Work instruction => The answer must restate every entry below word for word.

Stored data entries:
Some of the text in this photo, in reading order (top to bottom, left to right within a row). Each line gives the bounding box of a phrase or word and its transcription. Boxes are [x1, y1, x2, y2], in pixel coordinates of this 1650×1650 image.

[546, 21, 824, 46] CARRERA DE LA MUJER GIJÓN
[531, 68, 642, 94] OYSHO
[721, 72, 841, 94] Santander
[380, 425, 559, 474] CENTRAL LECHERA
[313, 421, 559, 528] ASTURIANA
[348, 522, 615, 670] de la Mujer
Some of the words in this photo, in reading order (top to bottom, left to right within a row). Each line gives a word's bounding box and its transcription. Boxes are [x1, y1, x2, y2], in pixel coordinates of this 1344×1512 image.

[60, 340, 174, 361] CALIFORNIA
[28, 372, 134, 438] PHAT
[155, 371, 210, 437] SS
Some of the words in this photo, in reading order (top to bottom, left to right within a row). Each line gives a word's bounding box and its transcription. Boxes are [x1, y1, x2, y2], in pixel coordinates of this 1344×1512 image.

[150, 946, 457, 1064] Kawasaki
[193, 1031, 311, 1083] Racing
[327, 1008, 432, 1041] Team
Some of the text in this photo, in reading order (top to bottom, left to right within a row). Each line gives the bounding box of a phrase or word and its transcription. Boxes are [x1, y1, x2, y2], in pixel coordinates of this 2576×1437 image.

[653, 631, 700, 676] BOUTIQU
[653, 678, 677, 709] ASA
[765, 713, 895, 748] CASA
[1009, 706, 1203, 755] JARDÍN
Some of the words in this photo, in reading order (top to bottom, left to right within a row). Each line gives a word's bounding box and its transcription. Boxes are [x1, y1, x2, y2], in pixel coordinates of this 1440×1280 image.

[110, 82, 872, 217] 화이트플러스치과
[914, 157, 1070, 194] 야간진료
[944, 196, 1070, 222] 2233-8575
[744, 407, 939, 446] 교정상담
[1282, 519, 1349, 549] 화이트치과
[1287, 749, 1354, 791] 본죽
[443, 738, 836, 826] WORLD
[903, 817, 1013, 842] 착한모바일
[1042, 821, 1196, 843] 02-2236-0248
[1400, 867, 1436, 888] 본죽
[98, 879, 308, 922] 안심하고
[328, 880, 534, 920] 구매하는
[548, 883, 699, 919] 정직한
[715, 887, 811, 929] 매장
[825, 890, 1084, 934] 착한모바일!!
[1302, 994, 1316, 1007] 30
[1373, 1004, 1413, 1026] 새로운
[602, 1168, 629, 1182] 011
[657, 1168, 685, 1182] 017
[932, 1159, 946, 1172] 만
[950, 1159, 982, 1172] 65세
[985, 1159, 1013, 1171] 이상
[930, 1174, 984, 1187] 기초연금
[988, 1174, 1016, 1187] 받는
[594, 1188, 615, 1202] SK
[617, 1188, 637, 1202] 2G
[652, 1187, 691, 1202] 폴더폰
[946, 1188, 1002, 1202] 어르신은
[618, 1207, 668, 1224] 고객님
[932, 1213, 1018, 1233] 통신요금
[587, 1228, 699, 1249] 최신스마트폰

Task response =>
Some of the text in this photo, in reading order (top to bottom, left to right within a row). Each line gives the bounding box of a phrase or word and its transcription. Boxes are [x1, y1, x2, y2], in pixel coordinates of this 1650×1650 image.

[546, 21, 824, 46] CARRERA DE LA MUJER GIJÓN
[531, 68, 642, 94] OYSHO
[721, 72, 841, 94] Santander
[380, 425, 559, 474] CENTRAL LECHERA
[313, 421, 559, 528] ASTURIANA
[348, 522, 615, 670] de la Mujer
Some of the words in this photo, in reading order (top to bottom, left to right within a row). Each line gives a word's bounding box and its transcription. Boxes are [x1, y1, x2, y2], in pixel coordinates of this 1344×1512 image.

[60, 340, 174, 361] CALIFORNIA
[28, 372, 134, 438] PHAT
[155, 371, 210, 437] SS
Some of the words in this photo, in reading order (top to bottom, left to right within a row). Each line gives a word's bounding box and its transcription. Boxes are [x1, y1, x2, y2], in pixel coordinates of this 1344×1512 image.

[150, 946, 457, 1064] Kawasaki
[193, 1031, 311, 1083] Racing
[327, 1008, 432, 1041] Team
Some of the text in this photo, in reading order (top to bottom, left to right within a row). Each line gives the bounding box of a phrase or word and its transcription. Boxes are [x1, y1, x2, y2], in pixel coordinates of this 2576×1437 image.

[653, 631, 700, 676] BOUTIQU
[653, 678, 677, 709] ASA
[765, 713, 895, 748] CASA
[1009, 706, 1203, 755] JARDÍN
Some of the words in this photo, in reading order (top to bottom, left to right within a row). Each line gives a word's bounding box and its transcription. Boxes are [x1, y1, x2, y2], in pixel coordinates of this 1440×1280 image.

[110, 82, 872, 217] 화이트플러스치과
[914, 157, 1070, 194] 야간진료
[944, 196, 1070, 222] 2233-8575
[744, 407, 939, 446] 교정상담
[1282, 519, 1349, 549] 화이트치과
[1287, 749, 1354, 791] 본죽
[443, 738, 836, 826] WORLD
[903, 817, 1013, 842] 착한모바일
[1042, 821, 1196, 843] 02-2236-0248
[1400, 867, 1436, 888] 본죽
[98, 879, 308, 922] 안심하고
[328, 880, 534, 920] 구매하는
[548, 883, 699, 919] 정직한
[715, 887, 811, 929] 매장
[825, 890, 1084, 934] 착한모바일!!
[1302, 994, 1316, 1007] 30
[1373, 1004, 1413, 1026] 새로운
[602, 1168, 629, 1182] 011
[657, 1168, 685, 1182] 017
[932, 1159, 946, 1172] 만
[950, 1159, 982, 1172] 65세
[985, 1159, 1013, 1171] 이상
[930, 1174, 984, 1187] 기초연금
[988, 1174, 1016, 1187] 받는
[594, 1188, 615, 1202] SK
[617, 1188, 637, 1202] 2G
[652, 1187, 691, 1202] 폴더폰
[946, 1188, 1002, 1202] 어르신은
[618, 1207, 668, 1224] 고객님
[932, 1213, 1018, 1233] 통신요금
[587, 1228, 699, 1249] 최신스마트폰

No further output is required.